# Task directions
Without including the pictures, copy out every line below.

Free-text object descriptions
========================

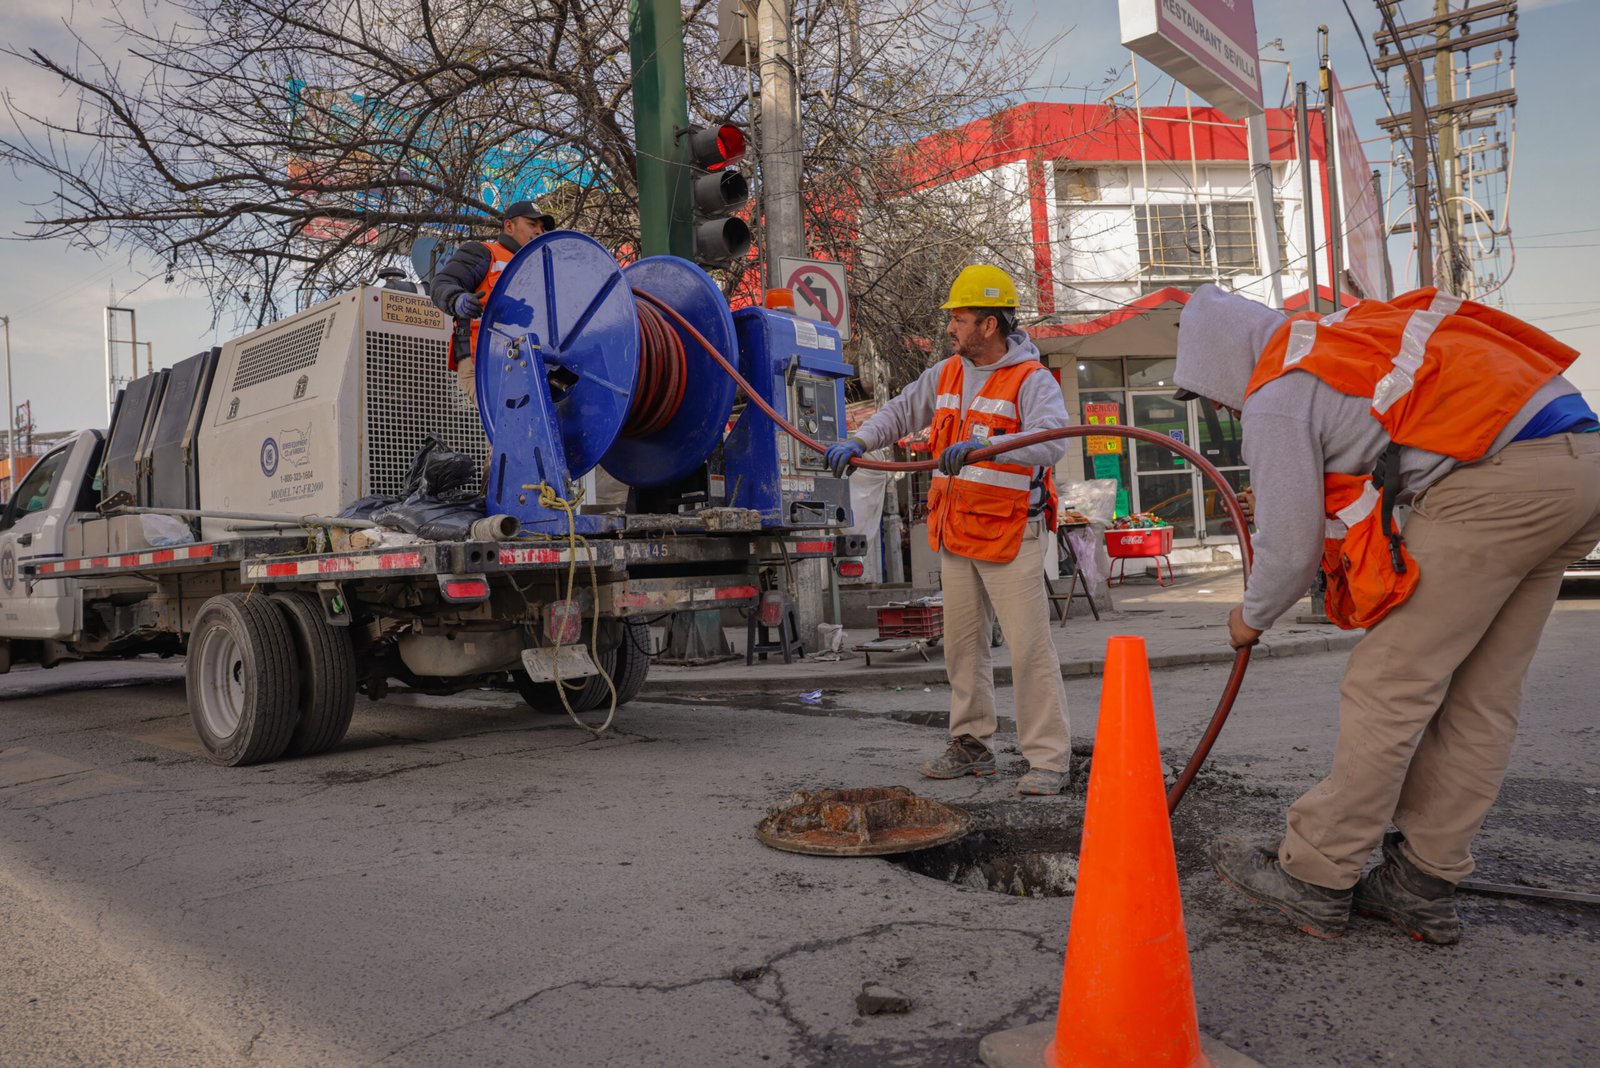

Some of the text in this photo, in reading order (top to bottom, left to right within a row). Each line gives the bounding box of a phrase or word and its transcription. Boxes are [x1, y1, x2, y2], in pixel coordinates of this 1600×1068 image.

[1162, 0, 1256, 81] RESTAURANT SEVILLA
[389, 295, 437, 309] REPORTAM
[386, 304, 440, 318] POR MAL USO
[386, 312, 441, 327] TEL. 2033-6767
[271, 486, 291, 500] MODEL
[1120, 535, 1144, 545] Coca-Cola
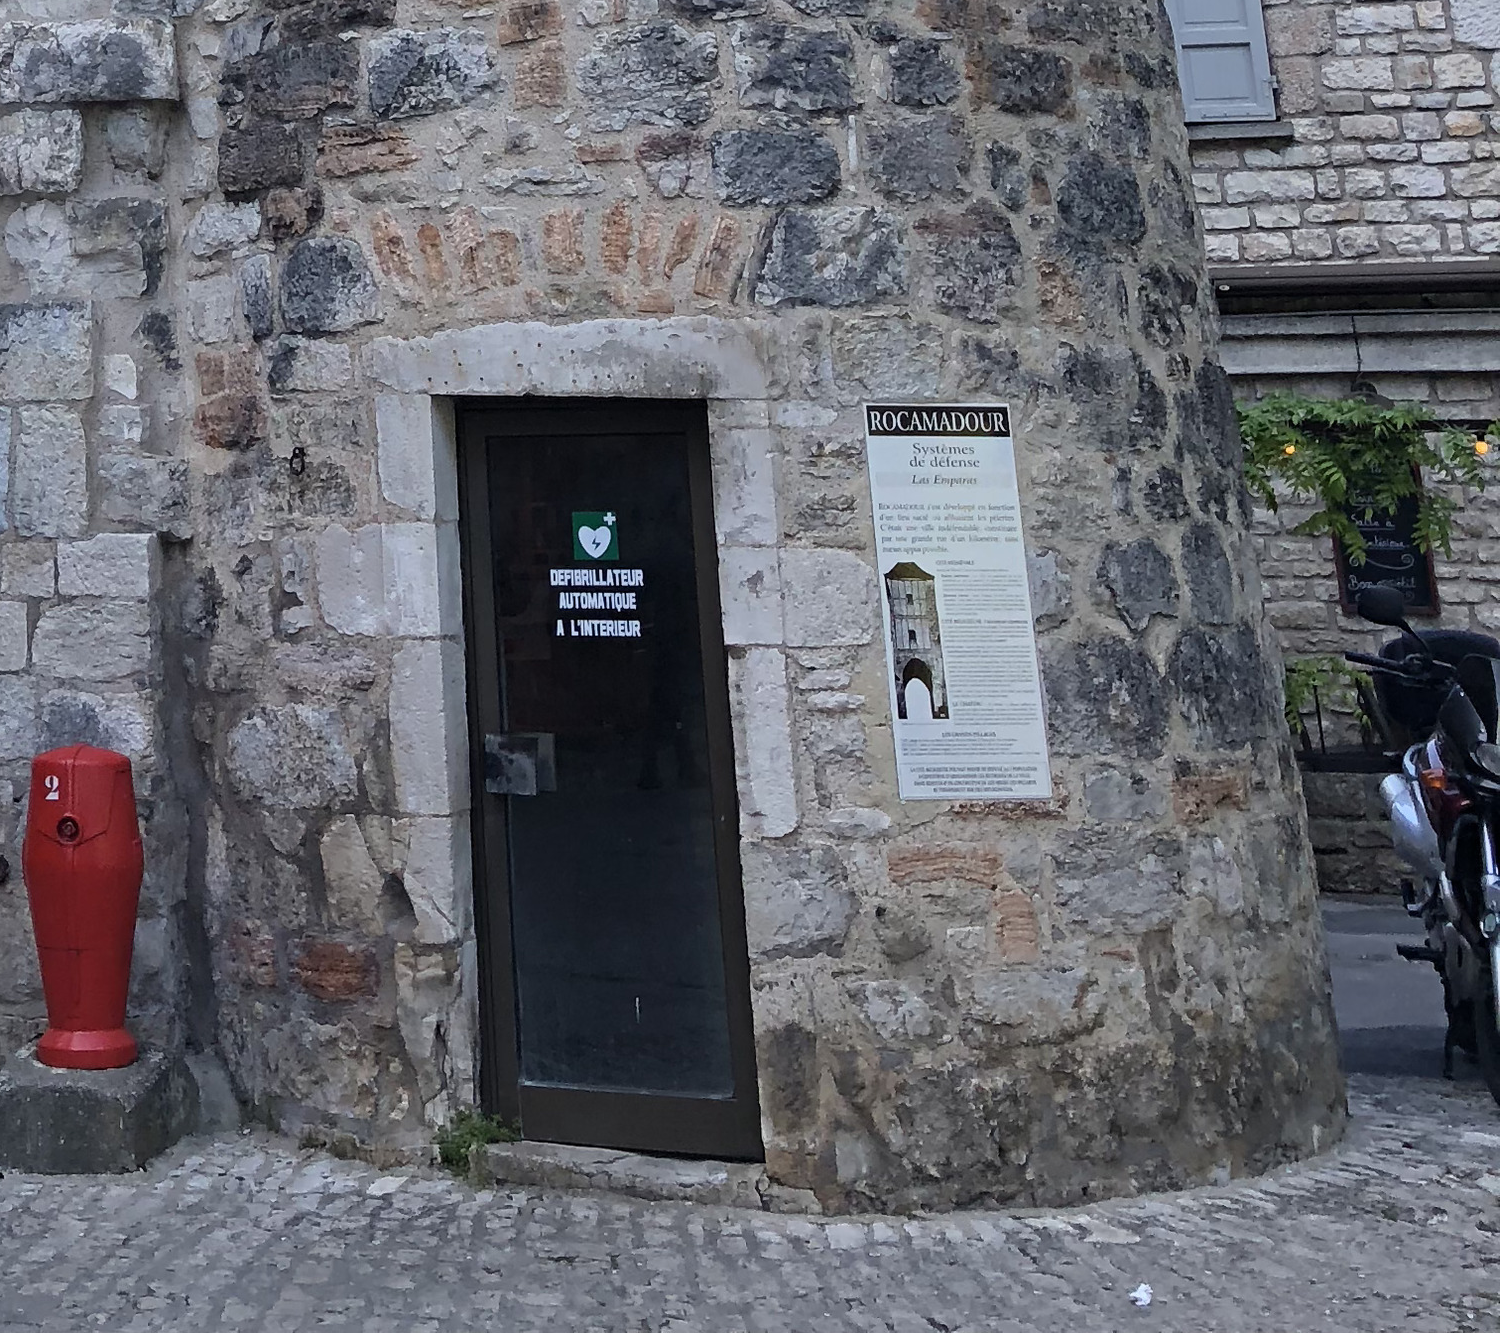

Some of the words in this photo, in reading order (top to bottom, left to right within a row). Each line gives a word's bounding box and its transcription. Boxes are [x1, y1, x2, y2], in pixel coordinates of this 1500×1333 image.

[870, 411, 1007, 432] ROCAMADOUR
[912, 443, 975, 456] Systèmes
[909, 456, 925, 468] de
[930, 457, 980, 468] défense
[550, 569, 644, 586] DEFIBRILLATEUR
[559, 592, 637, 612] AUTOMATIQUE
[556, 620, 565, 636] A
[570, 619, 641, 637] L'INTERIEUR
[44, 775, 60, 800] 2

========================

# Exercise solution
Some of the text in this photo, in reading order (top to bottom, left to right within a row). Each line gives the bounding box of a phrase or word and its transcription. Boxes are [x1, y1, x2, y2], in pixel coordinates of this 1600×1068 image.

[1162, 0, 1256, 81] RESTAURANT SEVILLA
[389, 295, 437, 309] REPORTAM
[386, 304, 440, 318] POR MAL USO
[386, 312, 441, 327] TEL. 2033-6767
[271, 486, 291, 500] MODEL
[1120, 535, 1144, 545] Coca-Cola

Some of the words in this photo, in reading order (top to bottom, left to right within a row). Each line gives a word's bounding box and its transcription. Boxes are [x1, y1, x2, y2], in pixel coordinates of this 1500×1333 image.

[870, 411, 1007, 432] ROCAMADOUR
[912, 443, 975, 456] Systèmes
[909, 456, 925, 468] de
[930, 457, 980, 468] défense
[550, 569, 644, 586] DEFIBRILLATEUR
[559, 592, 637, 612] AUTOMATIQUE
[556, 620, 565, 636] A
[570, 619, 641, 637] L'INTERIEUR
[44, 775, 60, 800] 2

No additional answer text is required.